Ob-Gyn Coding Alert

E/M 2021:

Take One Last Review of the 2021 E/M Office and Outpatient Changes

You will no longer report code 99201 after Jan. 1, 2021.

During past issues of Ob-Gyn Coding Alert this year, you’ve learned all about the updates you will see to new and established patient office/outpatient evaluation and management (E/M) codes 99202-99215 starting on Jan. 1, 2021. Some of these changes include an emphasis on medical decision making (MDM) or time to level the service, as well as the addition of a new prolonged services code.

Review the following tips to make sure you are ready for these upcoming E/M changes in your ob-gyn practice.

Tip 1: Don’t Report 99201 After Jan. 1

Missing from the list of 2021 E/M codes is 99201 (Office or other outpatient visit for the evaluation and management of a new patient, which requires these 3 key components: A problem focused history; A problem focused examination; Straightforward medical decision making …). There is a simple reason — once the history and exam components are removed from the E/M level calculation, there is nothing left to distinguish it from 99202 (Office or other outpatient visit for the evaluation and management of a new patient, which requires these 3 key components: An expanded problem focused history; An expanded problem focused examination; Straightforward medical decision making…).

The current calculation for 99202 calls for a higher level of history and exam (expanded problem focused) than 99201, which requires a lower-level problem focused history and exam. MDM for both levels, however, is the same: straightforward. As CPT® has decided to remove history and exam from levelling calculations, that makes 99201 unnecessary, so CPT® plans to remove the lowest new patient E/M level from its code set in 2021.

Tip 2: New E/M Guidelines Only Apply to Certain Codes

You will see a change with new and established patient office/ outpatient evaluation and management (E/M) codes 99202-99215. Currently, for these codes, you use three key components, history, examination, and medical decision making to select the appropriate E/M service level. But, starting on Jan. 1, 2021, CPT® will remove history and exam as key components for codes 99202-99215. Instead, your code selection will be based upon the MDM level or the total time the physician spent on the patient encounter on that date of service.

Tip 3: Physician Should Still Perform History and Exam

Although history and exam will no longer be key components for determining the level of E/M codes 99202-99215, a provider should still perform a history and exam.

The history and exam will still be important, and they are still needed elements, emphasizes Raemarie Jimenez, CPC, CIC, CPB, CPMA, CPPM, CPC-I, CCS, senior vice president of product at AAPC and coding liaison to the AMA CPT® Editorial Panel. They just won’t be counted towards the E/M component.

Don’t miss: CPT® 2021 will revise the descriptors for 99202-99205 and 99212-99215 to go along with these new guidelines.
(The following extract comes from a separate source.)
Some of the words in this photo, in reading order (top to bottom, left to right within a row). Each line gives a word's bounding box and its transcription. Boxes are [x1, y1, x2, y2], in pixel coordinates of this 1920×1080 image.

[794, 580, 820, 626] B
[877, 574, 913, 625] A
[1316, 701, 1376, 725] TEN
In part, the descriptors will read “Office or other outpatient visit for the evaluation and management of a new/ established patient, which requires a medically appropriate history and/or examination and … medical decision making ….” As you can see, your physician should perform a “medically appropriate history and/or exam.”
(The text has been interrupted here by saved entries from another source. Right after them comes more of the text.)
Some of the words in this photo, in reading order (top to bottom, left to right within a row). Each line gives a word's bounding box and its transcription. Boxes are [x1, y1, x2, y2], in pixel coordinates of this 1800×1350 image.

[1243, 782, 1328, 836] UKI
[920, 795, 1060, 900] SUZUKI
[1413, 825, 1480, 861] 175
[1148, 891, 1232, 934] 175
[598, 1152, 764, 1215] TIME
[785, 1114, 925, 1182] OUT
Tip 4: Learn How to Report New Prolonged Services Code +99417

In 2021, you will see new prolonged services code +99417 (Prolonged office or other outpatient evaluation and management service(s) beyond the minimum required time of the primary procedure which has been selected using total time, requiring total time with or without direct patient contact beyond the usual service, on the date of the primary service, each 15 minutes of total time (List separately in addition to codes 99205, 99215 for office or other outpatient Evaluation and Management services).
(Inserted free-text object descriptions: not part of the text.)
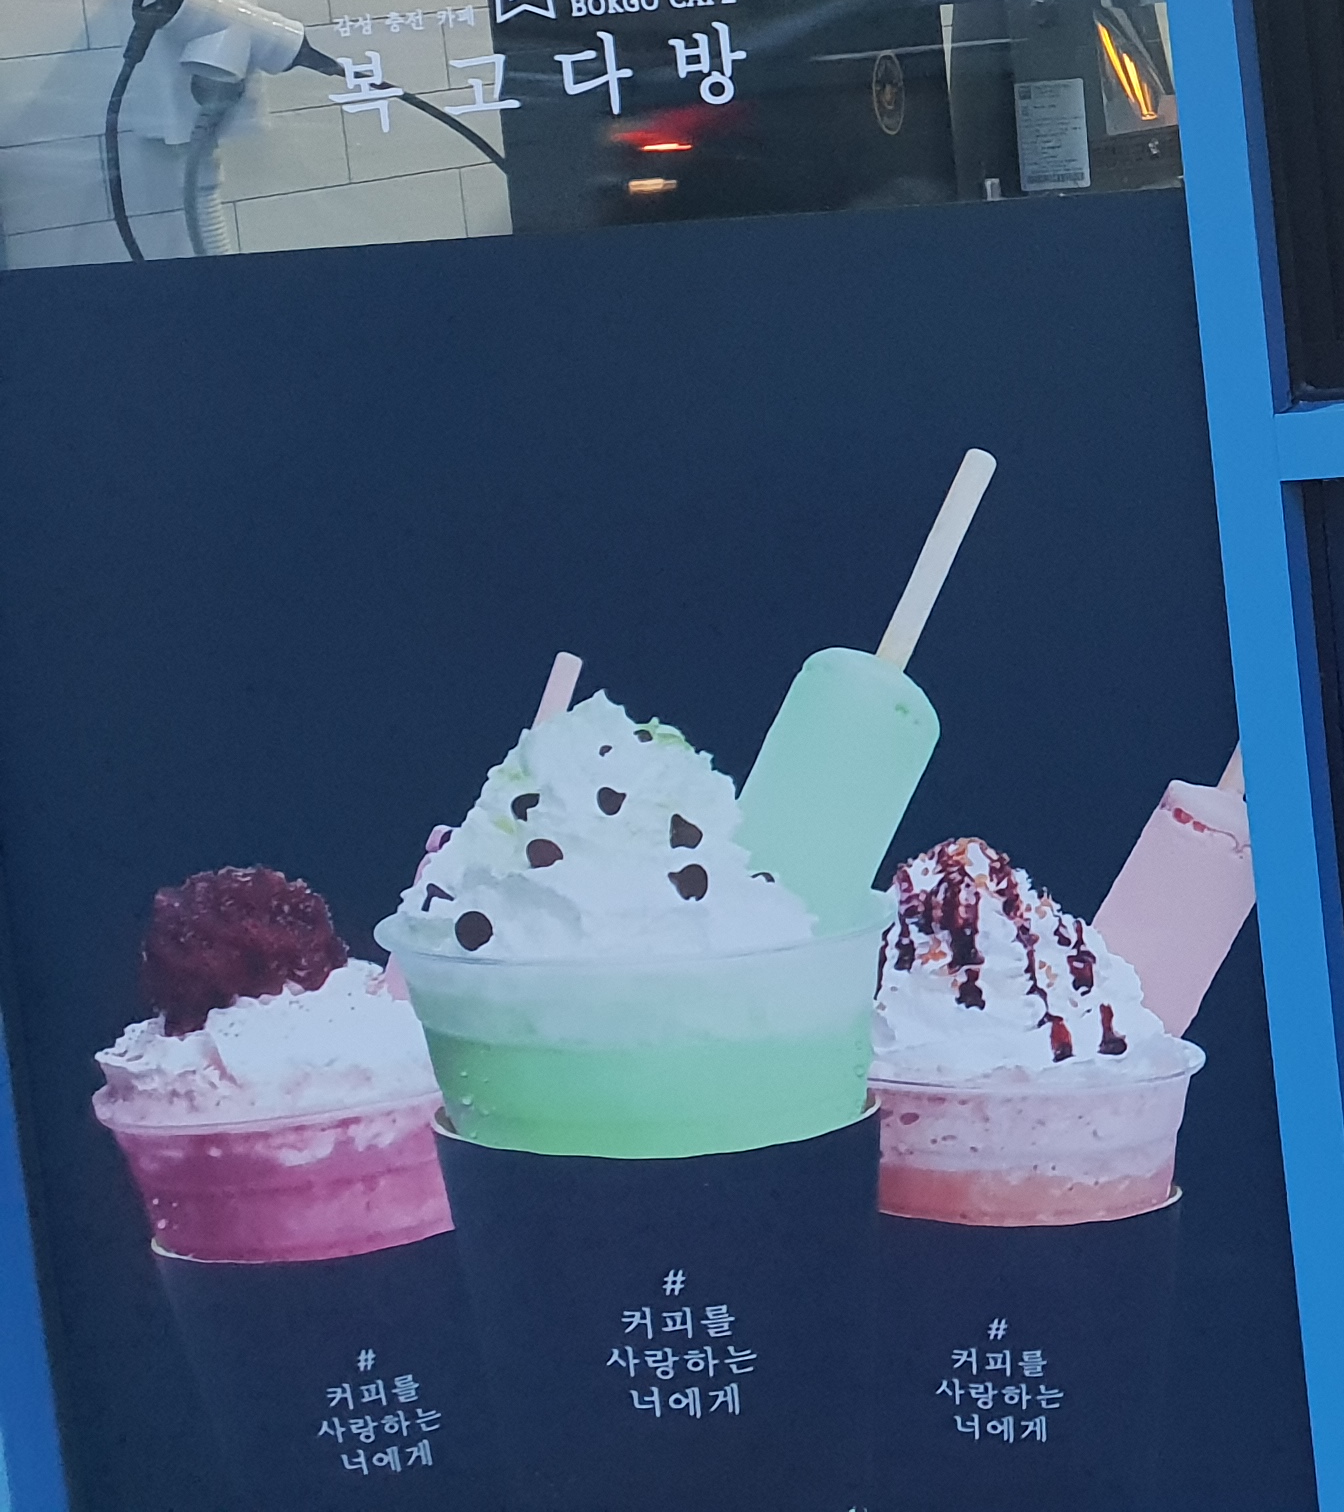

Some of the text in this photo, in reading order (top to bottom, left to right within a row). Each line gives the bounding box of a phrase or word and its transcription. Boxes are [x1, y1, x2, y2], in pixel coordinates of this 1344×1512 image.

[333, 5, 475, 37] 감성 충전 카페
[662, 1269, 686, 1297] #
[620, 1304, 737, 1340] 커피를
[987, 1318, 1008, 1341] #
[358, 1348, 376, 1372] #
[605, 1345, 759, 1380] 사랑하는
[950, 1347, 1048, 1379] 커피를
[325, 1375, 420, 1410] 커피를
[630, 1383, 742, 1421] 너에게
[934, 1377, 1065, 1412] 사랑하는
[316, 1407, 443, 1444] 사랑하는
[952, 1412, 1049, 1444] 너에게
[341, 1439, 434, 1477] 너에게
You should report +99417 “to report prolonged total time (i.e., combined time with and without direct patient contact) provided by the physician or other qualified health care professional on the date of office or other outpatient services (i.e., 99205, 99215),” according to CPT®. However, you should only report +99417 “when the office or other outpatient service has been selected using time alone as the basis and only after the total time of the highest-level service (i.e., 99205 or 99215) has been exceeded.”

Don’t miss: You should not report +99417 for any time unit less than 15 minutes. Also, you should never report +99417 in conjunction with any of the other prolonged services codes +99354, +99355, 99358, +99359, +99415, or +99416.

Tip 5: Expect Definition of “Time” to Change

Starting in 2021, if you use the total time the provider spent on the patient encounter on that date of service to level the service for codes 99202-99215, you should know that CPT® will be replacing the words “typical time” with the words “total time spent on the day of the encounter,” along with changing the standard time thresholds for each of the codes. The typical time currently included in the code descriptors only reflects face-to-face time. But since most office visits have some pre- and post-visit time involved, too, the change to total time on the date of the encounter will allow you to include those times in your code selection.

Don’t miss: You’ll be able to include such factors in your time calculation as ordering medications, tests, or procedures, and time spent personally doing preauthorization work — as well as reviewing records before you see the patient on the same calendar date.